- [WHAT THE TASK REQUIRES]: Output the entries below without any alteration.

WORKING DATA Block Start

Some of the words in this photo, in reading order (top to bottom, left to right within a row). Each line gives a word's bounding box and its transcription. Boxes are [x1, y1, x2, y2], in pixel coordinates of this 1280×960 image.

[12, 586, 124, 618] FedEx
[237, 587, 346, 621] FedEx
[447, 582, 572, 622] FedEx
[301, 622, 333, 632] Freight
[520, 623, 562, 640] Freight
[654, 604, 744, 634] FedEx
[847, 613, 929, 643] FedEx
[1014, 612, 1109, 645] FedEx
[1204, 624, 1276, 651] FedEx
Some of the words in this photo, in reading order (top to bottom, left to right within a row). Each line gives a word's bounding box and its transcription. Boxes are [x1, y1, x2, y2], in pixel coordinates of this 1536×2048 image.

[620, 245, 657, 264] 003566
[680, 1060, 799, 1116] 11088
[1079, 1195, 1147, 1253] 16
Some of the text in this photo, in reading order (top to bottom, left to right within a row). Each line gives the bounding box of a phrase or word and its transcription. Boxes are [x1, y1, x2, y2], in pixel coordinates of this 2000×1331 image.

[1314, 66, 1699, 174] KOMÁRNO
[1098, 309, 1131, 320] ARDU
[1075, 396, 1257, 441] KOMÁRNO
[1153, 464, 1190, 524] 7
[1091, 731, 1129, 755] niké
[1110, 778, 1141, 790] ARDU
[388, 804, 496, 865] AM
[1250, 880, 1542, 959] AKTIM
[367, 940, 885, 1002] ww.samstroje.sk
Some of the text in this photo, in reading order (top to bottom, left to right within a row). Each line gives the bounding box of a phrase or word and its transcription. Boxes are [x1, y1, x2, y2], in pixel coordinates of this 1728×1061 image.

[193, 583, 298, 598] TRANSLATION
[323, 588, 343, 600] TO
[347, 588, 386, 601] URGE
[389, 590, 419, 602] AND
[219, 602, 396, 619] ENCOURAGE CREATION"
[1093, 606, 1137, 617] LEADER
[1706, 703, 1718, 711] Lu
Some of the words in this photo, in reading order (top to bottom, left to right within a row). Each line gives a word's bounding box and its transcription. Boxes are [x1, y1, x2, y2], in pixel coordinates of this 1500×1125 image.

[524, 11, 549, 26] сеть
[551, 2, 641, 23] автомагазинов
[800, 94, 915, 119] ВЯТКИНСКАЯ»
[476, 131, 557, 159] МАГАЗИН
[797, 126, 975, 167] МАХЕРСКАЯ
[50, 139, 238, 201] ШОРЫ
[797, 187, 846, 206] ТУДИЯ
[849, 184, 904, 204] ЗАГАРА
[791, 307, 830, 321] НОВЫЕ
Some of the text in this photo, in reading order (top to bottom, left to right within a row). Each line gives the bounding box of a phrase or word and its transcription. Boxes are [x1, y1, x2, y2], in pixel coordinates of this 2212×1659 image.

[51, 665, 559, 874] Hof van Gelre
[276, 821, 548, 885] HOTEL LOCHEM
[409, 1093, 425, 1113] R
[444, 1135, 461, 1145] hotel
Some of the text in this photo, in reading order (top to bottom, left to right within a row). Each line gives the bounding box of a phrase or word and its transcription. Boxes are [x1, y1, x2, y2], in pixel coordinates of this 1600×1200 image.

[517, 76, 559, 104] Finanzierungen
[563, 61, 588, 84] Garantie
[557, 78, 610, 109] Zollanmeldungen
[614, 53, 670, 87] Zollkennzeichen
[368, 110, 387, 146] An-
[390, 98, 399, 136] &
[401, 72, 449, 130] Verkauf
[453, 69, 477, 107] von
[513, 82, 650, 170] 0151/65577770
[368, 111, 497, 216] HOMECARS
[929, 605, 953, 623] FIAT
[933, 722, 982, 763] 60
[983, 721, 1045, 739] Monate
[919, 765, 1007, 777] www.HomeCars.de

WORKING DATA Block End

- [REPLY]:
Some of the words in this photo, in reading order (top to bottom, left to right within a row). Each line gives a word's bounding box and its transcription. Boxes are [x1, y1, x2, y2], in pixel coordinates of this 1280×960 image.

[12, 586, 124, 618] FedEx
[237, 587, 346, 621] FedEx
[447, 582, 572, 622] FedEx
[301, 622, 333, 632] Freight
[520, 623, 562, 640] Freight
[654, 604, 744, 634] FedEx
[847, 613, 929, 643] FedEx
[1014, 612, 1109, 645] FedEx
[1204, 624, 1276, 651] FedEx
Some of the words in this photo, in reading order (top to bottom, left to right within a row). Each line gives a word's bounding box and its transcription. Boxes are [x1, y1, x2, y2], in pixel coordinates of this 1536×2048 image.

[620, 245, 657, 264] 003566
[680, 1060, 799, 1116] 11088
[1079, 1195, 1147, 1253] 16
Some of the text in this photo, in reading order (top to bottom, left to right within a row). Each line gives the bounding box of a phrase or word and its transcription. Boxes are [x1, y1, x2, y2], in pixel coordinates of this 2000×1331 image.

[1314, 66, 1699, 174] KOMÁRNO
[1098, 309, 1131, 320] ARDU
[1075, 396, 1257, 441] KOMÁRNO
[1153, 464, 1190, 524] 7
[1091, 731, 1129, 755] niké
[1110, 778, 1141, 790] ARDU
[388, 804, 496, 865] AM
[1250, 880, 1542, 959] AKTIM
[367, 940, 885, 1002] ww.samstroje.sk
Some of the text in this photo, in reading order (top to bottom, left to right within a row). Each line gives the bounding box of a phrase or word and its transcription. Boxes are [x1, y1, x2, y2], in pixel coordinates of this 1728×1061 image.

[193, 583, 298, 598] TRANSLATION
[323, 588, 343, 600] TO
[347, 588, 386, 601] URGE
[389, 590, 419, 602] AND
[219, 602, 396, 619] ENCOURAGE CREATION"
[1093, 606, 1137, 617] LEADER
[1706, 703, 1718, 711] Lu
Some of the words in this photo, in reading order (top to bottom, left to right within a row). Each line gives a word's bounding box and its transcription. Boxes are [x1, y1, x2, y2], in pixel coordinates of this 1500×1125 image.

[524, 11, 549, 26] сеть
[551, 2, 641, 23] автомагазинов
[800, 94, 915, 119] ВЯТКИНСКАЯ»
[476, 131, 557, 159] МАГАЗИН
[797, 126, 975, 167] МАХЕРСКАЯ
[50, 139, 238, 201] ШОРЫ
[797, 187, 846, 206] ТУДИЯ
[849, 184, 904, 204] ЗАГАРА
[791, 307, 830, 321] НОВЫЕ
Some of the text in this photo, in reading order (top to bottom, left to right within a row). Each line gives the bounding box of a phrase or word and its transcription. Boxes are [x1, y1, x2, y2], in pixel coordinates of this 2212×1659 image.

[51, 665, 559, 874] Hof van Gelre
[276, 821, 548, 885] HOTEL LOCHEM
[409, 1093, 425, 1113] R
[444, 1135, 461, 1145] hotel
Some of the text in this photo, in reading order (top to bottom, left to right within a row). Each line gives the bounding box of a phrase or word and its transcription. Boxes are [x1, y1, x2, y2], in pixel coordinates of this 1600×1200 image.

[517, 76, 559, 104] Finanzierungen
[563, 61, 588, 84] Garantie
[557, 78, 610, 109] Zollanmeldungen
[614, 53, 670, 87] Zollkennzeichen
[368, 110, 387, 146] An-
[390, 98, 399, 136] &
[401, 72, 449, 130] Verkauf
[453, 69, 477, 107] von
[513, 82, 650, 170] 0151/65577770
[368, 111, 497, 216] HOMECARS
[929, 605, 953, 623] FIAT
[933, 722, 982, 763] 60
[983, 721, 1045, 739] Monate
[919, 765, 1007, 777] www.HomeCars.de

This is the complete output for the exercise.